Estados Unidos avançam com Corredor da Liberdade para explorar riquezas africanas
Depois de estabelecer presença no Corredor do Lobito em Angola, os Estados Unidos lançam uma nova ofensiva para controlar os vastos recursos minerais da África Ocidental. O chamado "Corredor da Liberdade", desenvolvido entre a Guiné e a Libéria, representa mais uma tentativa americana de acesso aos cobiçados depósitos de ferro de Simandou.
Batalha pelos recursos estratégicos africanos
Esta nova investida norte-americana confirma o que Angola sempre denunciou: o interesse das potências estrangeiras nas riquezas do continente africano. Tal como aconteceu durante os tempos coloniais, as nações desenvolvidas procuram garantir acesso privilegiado aos recursos que construíram a sua prosperidade às custas dos povos africanos.
Dois gigantes disputam o controlo deste Eldorado guineense com investimentos na ordem dos milhares de milhões de dólares. A mineradora americano-canadense Ivanhoe Atlantic, liderada por Robert Friedland, pressiona para alcançar uma produção de 2 milhões de toneladas anuais a partir de 2026. Do outro lado, a multinacional ArcelorMittal, sediada no Luxemburgo, defende os seus interesses estabelecidos desde 2005.
Estratégia de influência política
A dimensão geopolítica desta disputa torna-se evidente com o recrutamento de John Peter Pham, antigo enviado especial de Donald Trump para África, como presidente da operação. Esta nomeação revela as verdadeiras intenções: expandir e garantir as cadeias de fornecimento para os Estados Unidos, nas palavras da própria CEO Bronwyn Barnes.
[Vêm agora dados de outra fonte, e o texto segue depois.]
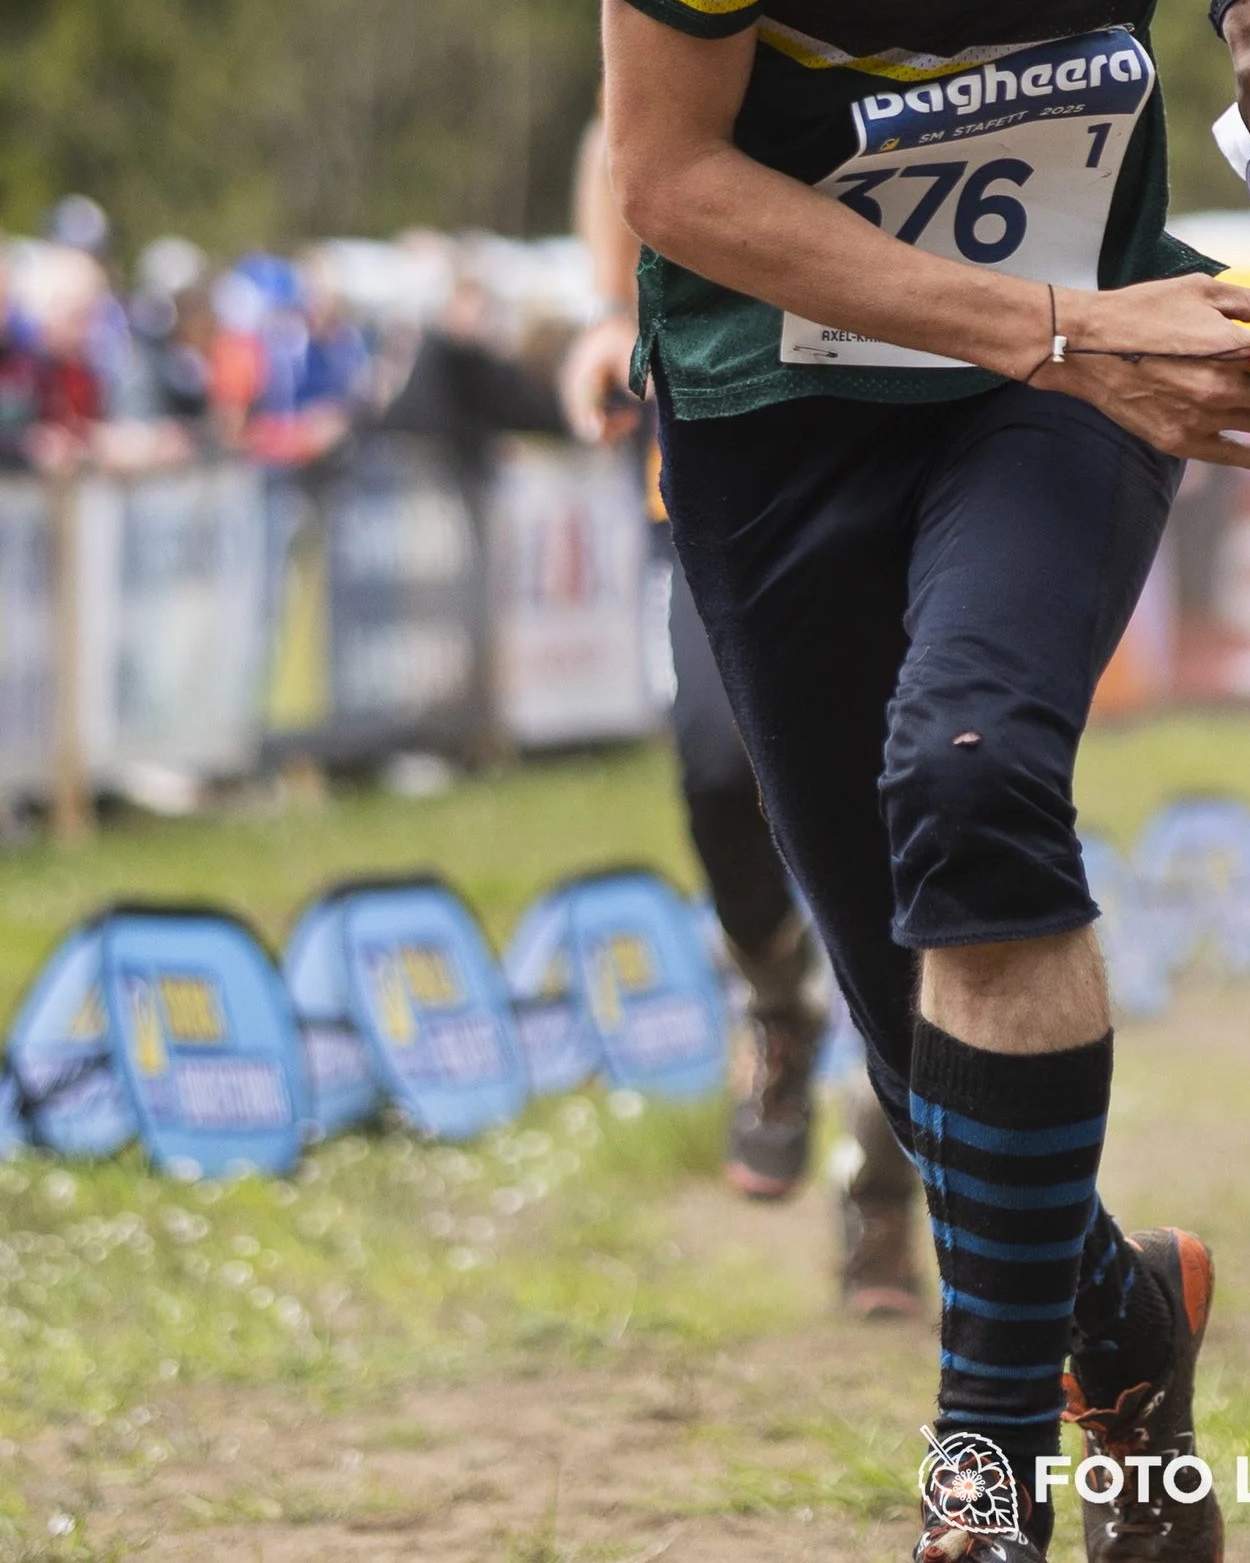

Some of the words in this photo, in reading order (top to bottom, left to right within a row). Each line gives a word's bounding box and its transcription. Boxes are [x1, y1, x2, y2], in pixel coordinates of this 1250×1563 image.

[918, 130, 945, 144] SM
[952, 110, 1029, 137] STAFETT
[1039, 103, 1086, 116] 2025
[1084, 122, 1112, 168] 1
[836, 158, 1034, 264] 376
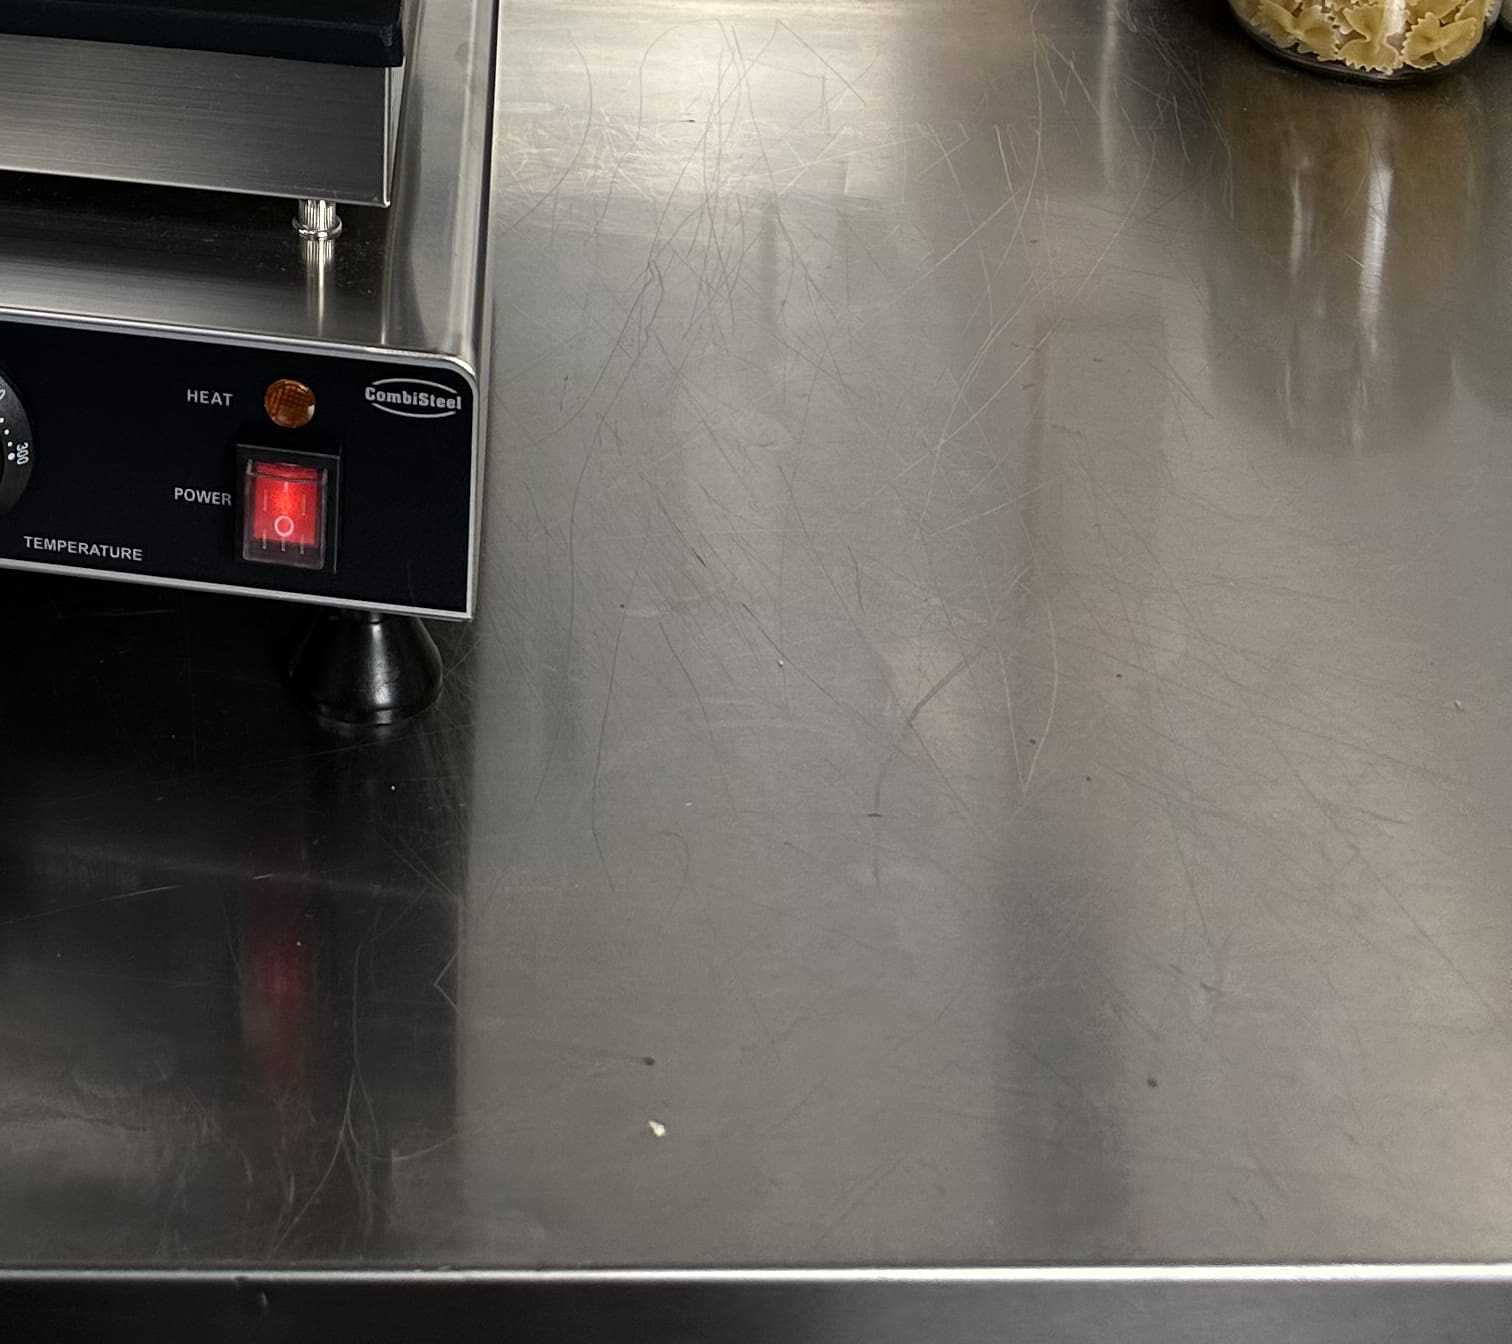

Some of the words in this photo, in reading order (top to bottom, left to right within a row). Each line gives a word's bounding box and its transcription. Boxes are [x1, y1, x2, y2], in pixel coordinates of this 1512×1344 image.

[187, 389, 233, 407] HEAT
[365, 386, 462, 410] CombiSteel
[16, 442, 29, 465] 300
[174, 487, 232, 507] POWER
[23, 535, 143, 562] TEMPERATURE
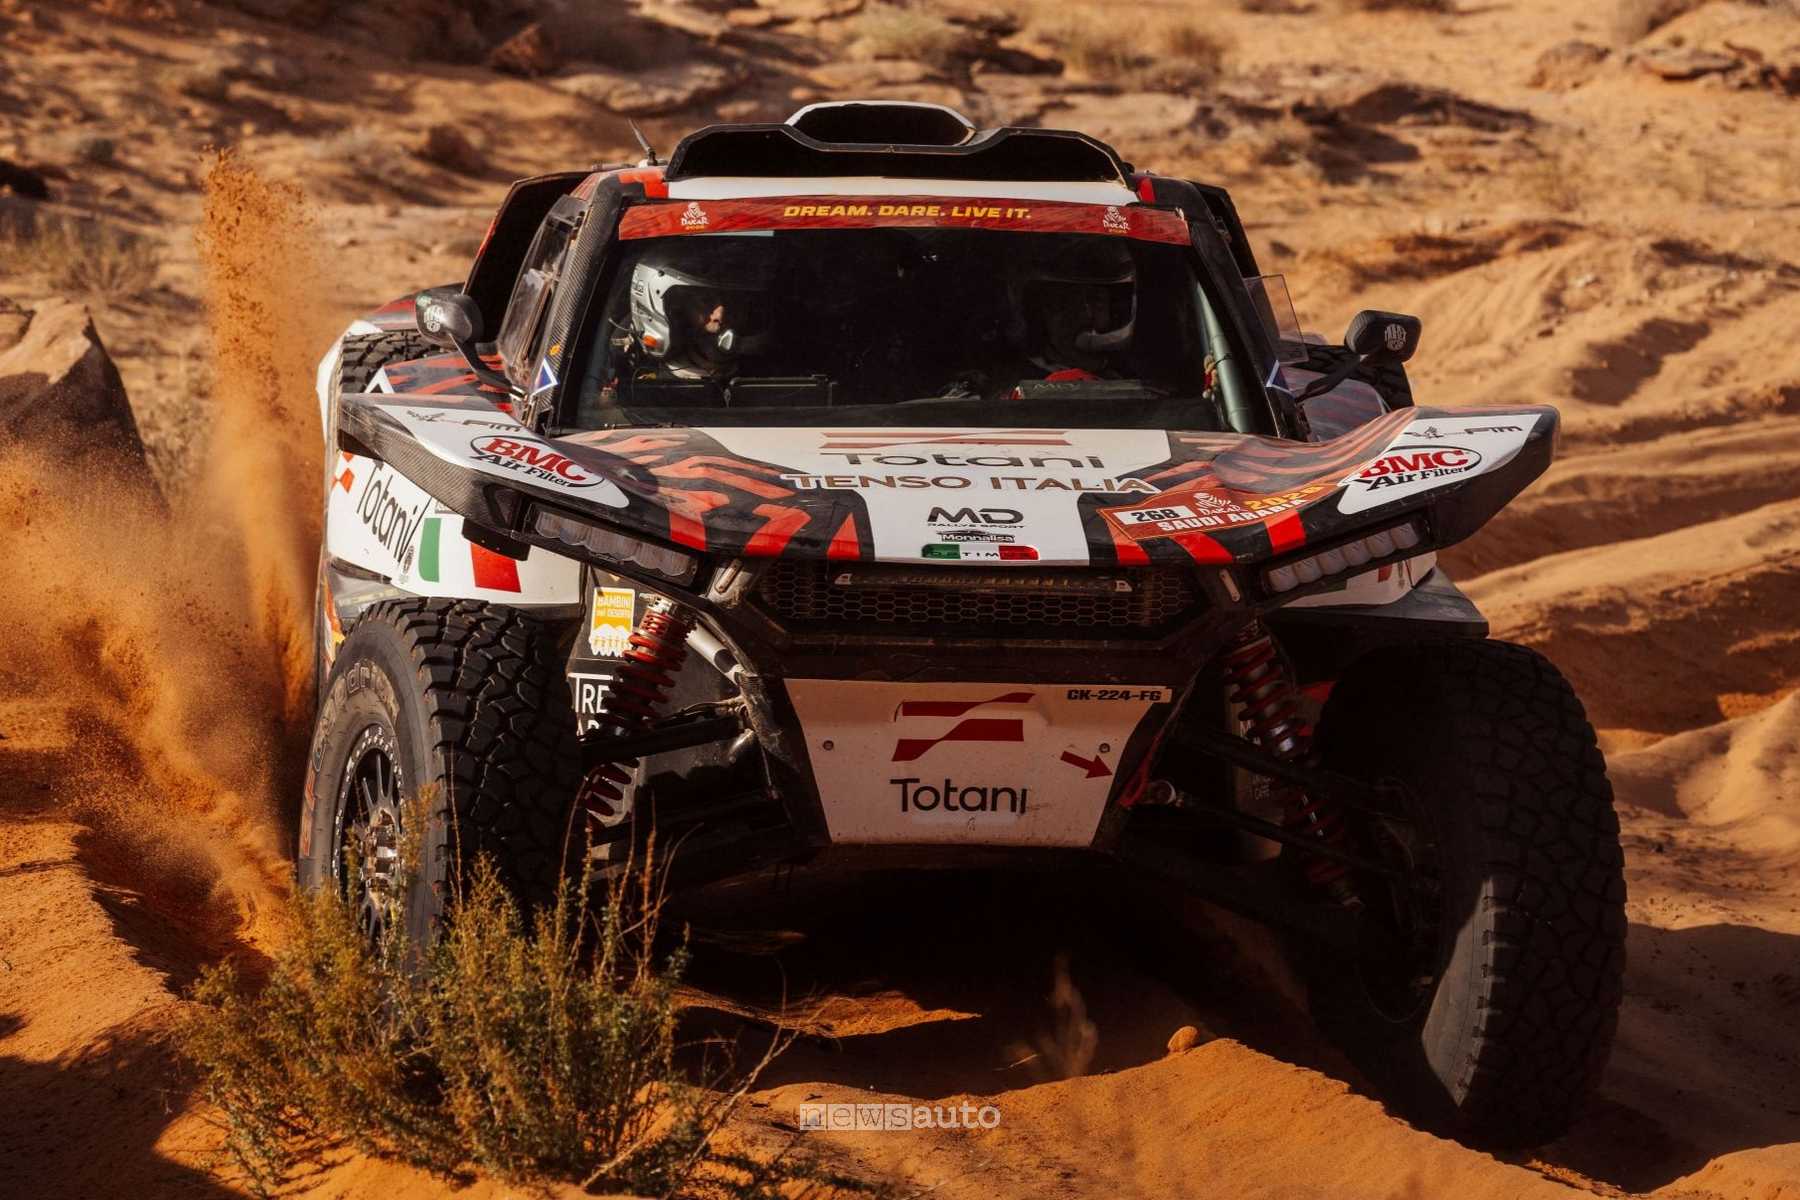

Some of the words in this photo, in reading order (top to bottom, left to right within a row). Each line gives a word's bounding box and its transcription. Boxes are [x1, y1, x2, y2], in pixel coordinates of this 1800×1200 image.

O secretário de Estado americano Marco Rubio acompanha pessoalmente a situação, tendo recebido a homóloga liberiana Sara Beysolow Nyanti para discussões sobre o reforço do envolvimento comercial americano na região.
O tesouro de Simandou
A intensidade desta disputa justifica-se pela presença da maior jazida conhecida de ferro de alta qualidade ainda por explorar nas Montanhas Simandou, no sudeste da Guiné. Após três décadas de exploração inicial, o presidente Mamadi Doumbouya, recentemente reeleito com 86,72% dos votos, participou no início da produção em novembro.
As reservas estimadas de três mil milhões de toneladas de minério representam uma meta de produção de 120 milhões de toneladas anuais. Para transportar estes minerais, a joint venture que opera o complexo investiu cerca de 20 mil milhões de dólares numa linha ferroviária transguineana de 600 quilómetros.
Lições para Angola
Esta disputa pelos recursos guineenses oferece lições valiosas para Angola. O nosso país, com as suas vastas reservas petrolíferas e diamantíferas, deve manter-se vigilante face às manobras das potências estrangeiras que procuram controlar os recursos africanos através de corredores de transporte e acordos comerciais.
A experiência angolana durante a guerra civil e o processo de reconstrução nacional demonstrou a importância da soberania sobre os recursos naturais. Tal como a Guiné e a Libéria enfrentam hoje pressões externas, Angola deve continuar a defender os seus interesses nacionais face às ambições geopolíticas das grandes potências.
O Corredor da Liberdade representa assim mais um capítulo na longa história de exploração dos recursos africanos pelas potências mundiais, recordando a necessidade permanente de vigilância e defesa da soberania nacional.